Problem description →
Repeat each entry exactly; omit all pictures.

Exercise data →
--------------------

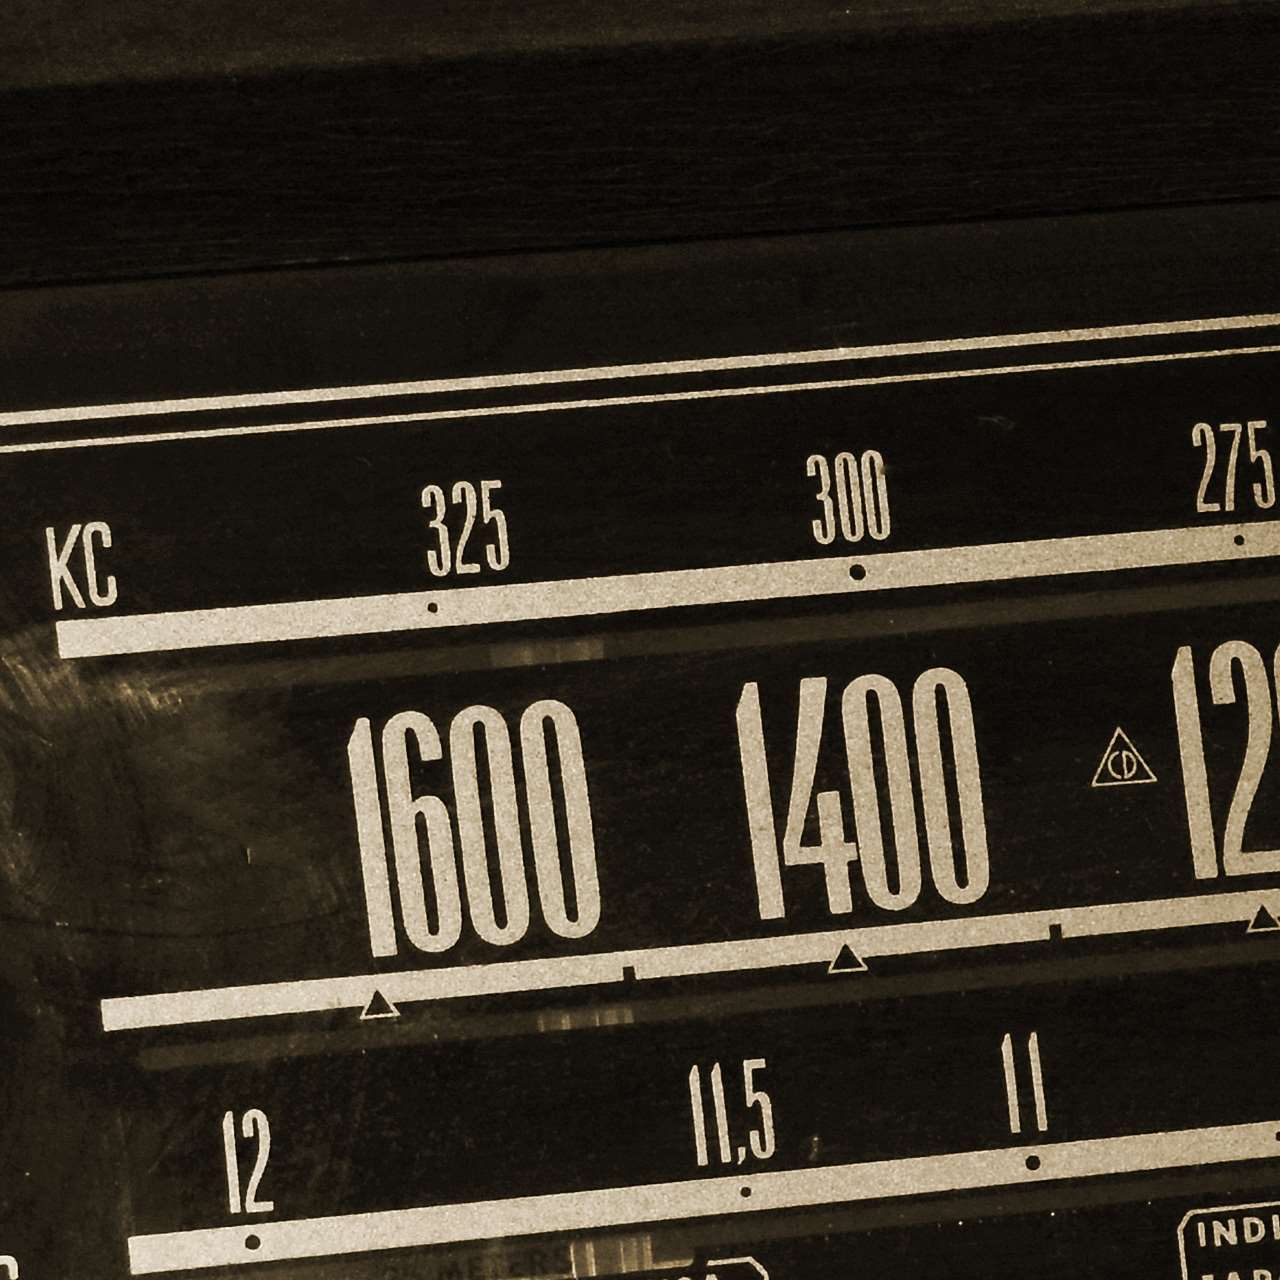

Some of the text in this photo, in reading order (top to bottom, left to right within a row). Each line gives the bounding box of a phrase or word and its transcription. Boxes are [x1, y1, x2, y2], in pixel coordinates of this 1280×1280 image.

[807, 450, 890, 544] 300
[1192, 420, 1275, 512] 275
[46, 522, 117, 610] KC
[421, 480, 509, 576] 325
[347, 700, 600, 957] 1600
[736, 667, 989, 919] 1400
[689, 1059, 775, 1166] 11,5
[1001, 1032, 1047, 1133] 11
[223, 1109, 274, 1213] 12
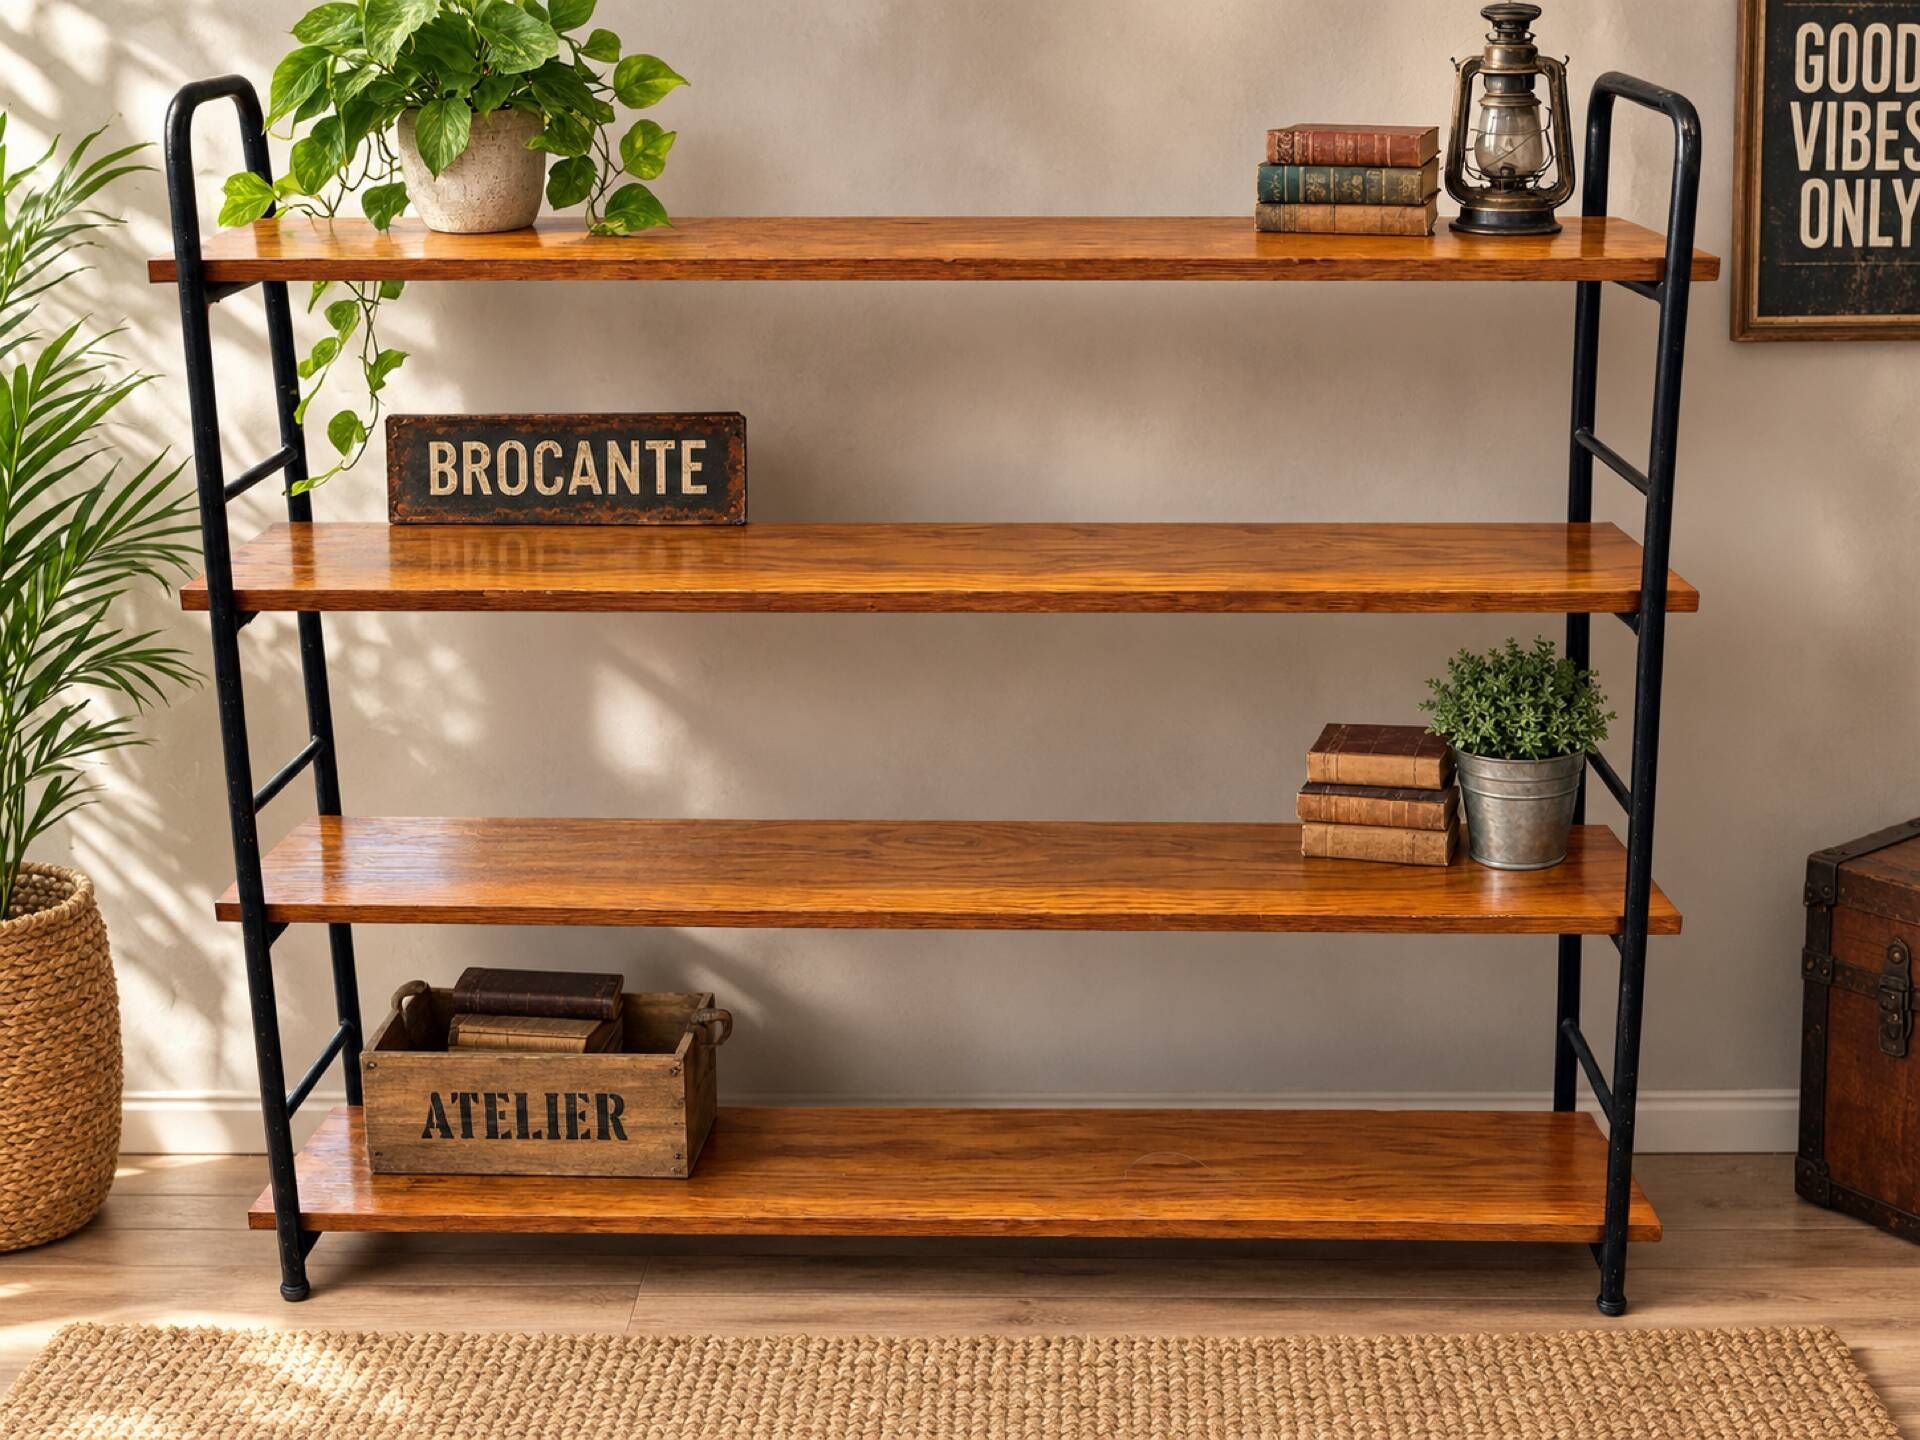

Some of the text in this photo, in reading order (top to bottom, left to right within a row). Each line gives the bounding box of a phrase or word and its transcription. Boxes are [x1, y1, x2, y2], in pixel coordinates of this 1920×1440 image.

--------------------

Worked solution →
Some of the text in this photo, in reading order (top to bottom, left to right within a row). Each line gives the bounding box of a phrase or word and its transcription. Boxes are [x1, y1, x2, y2], in pixel coordinates of this 1280×1280 image.

[807, 450, 890, 544] 300
[1192, 420, 1275, 512] 275
[46, 522, 117, 610] KC
[421, 480, 509, 576] 325
[347, 700, 600, 957] 1600
[736, 667, 989, 919] 1400
[689, 1059, 775, 1166] 11,5
[1001, 1032, 1047, 1133] 11
[223, 1109, 274, 1213] 12

Some of the text in this photo, in reading order (top to bottom, left to right within a row). Each line gives the bounding box of a phrase or word and its transcription. Boxes are [x1, y1, x2, y2], in pixel coordinates of this 1920×1440 image.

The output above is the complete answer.